I have never been considered a shiny-happy, uplifting person to be around. I’m known for sarcasm and associated with the phrase Get Over It. But goodness, I hope I don’t come across as whiny. I’m sure there are some days that I do, no doubt about it. Still, there’s a blog I keep going back to because this poor, poor person just has so many annoying relatives and bad things happening to her and she just keeps making excuses about how it’s never her fault, her life is unfair, she surely couldn’t do anything to improve her lot, and when things get better she’ll do x and y and never complain…. then good things happen and guess what? She complains. I can’t stop reading it because I wonder how hypocritical the next post will sound. Ok, now I’m sounding bitter. I guess I’m just glad I’m not around this person, say, at work, because I think she’d drive me crazy! I don’t think this blogger reads here so if you’re all paranoid or something, don’t be. Most blogs I find either funny/entertaining/interesting/educational or just realize I don’t have a lot in common with the person but it’s their life so hey, blog what you want. I rarely visit I Can Has Cheezburger either but I see why it has a following.

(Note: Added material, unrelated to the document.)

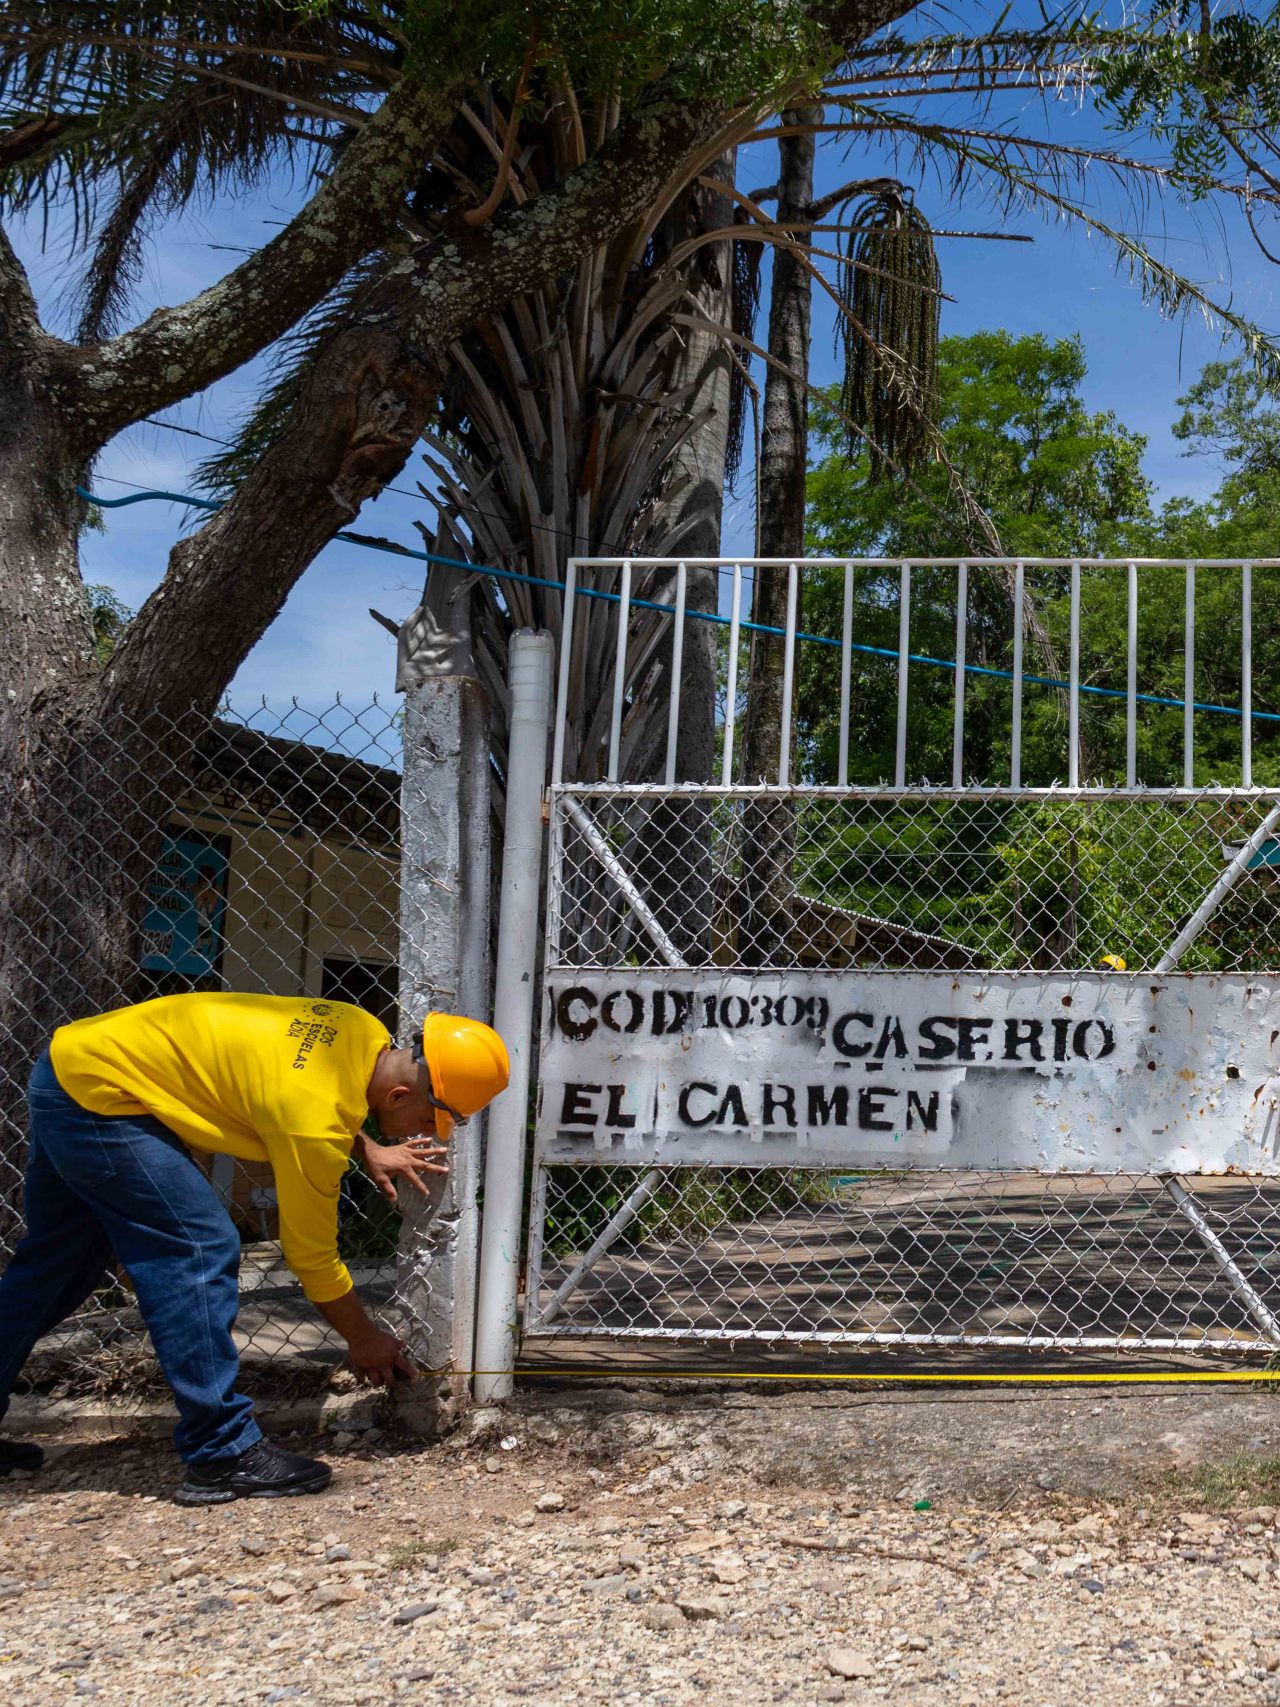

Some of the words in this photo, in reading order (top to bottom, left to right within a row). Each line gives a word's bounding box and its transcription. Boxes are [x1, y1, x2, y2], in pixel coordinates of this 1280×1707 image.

Ah, the internet. One of the best inventions ever. Why is watching other people whine or fight with each other so entertaining? When my grouplist readings lapse as I get busy, I sometimes stop back in only when I get an announcement that it’s back on moderation due to some controversy. That’s a great time to get caught up!

Meanwhile, if you work in a cubicle and have a computer and coworkers around, this video will make you laugh. Note the Lundberg guy. My favorite part is the CRT on the copy machine because the guy can’t get his document to print.
Bad Day at the Office
My work week has been pretty intense, but so far my laptop has cooperated, so I’ll let it live.

And pet sterilization is now the law in Los Angeles!

Now I shall whine: I have had a sinus infection for over a week, and I’m tired of the reverse-sneeze-sounding (you’ll know what it is if you have a dog) attempts to get the green strings to either be in my nasal area or in my throat but not stretched in a gooey line to be in both places at the same time. I can actually pluck them out like a slimy noodle. Gross, huh?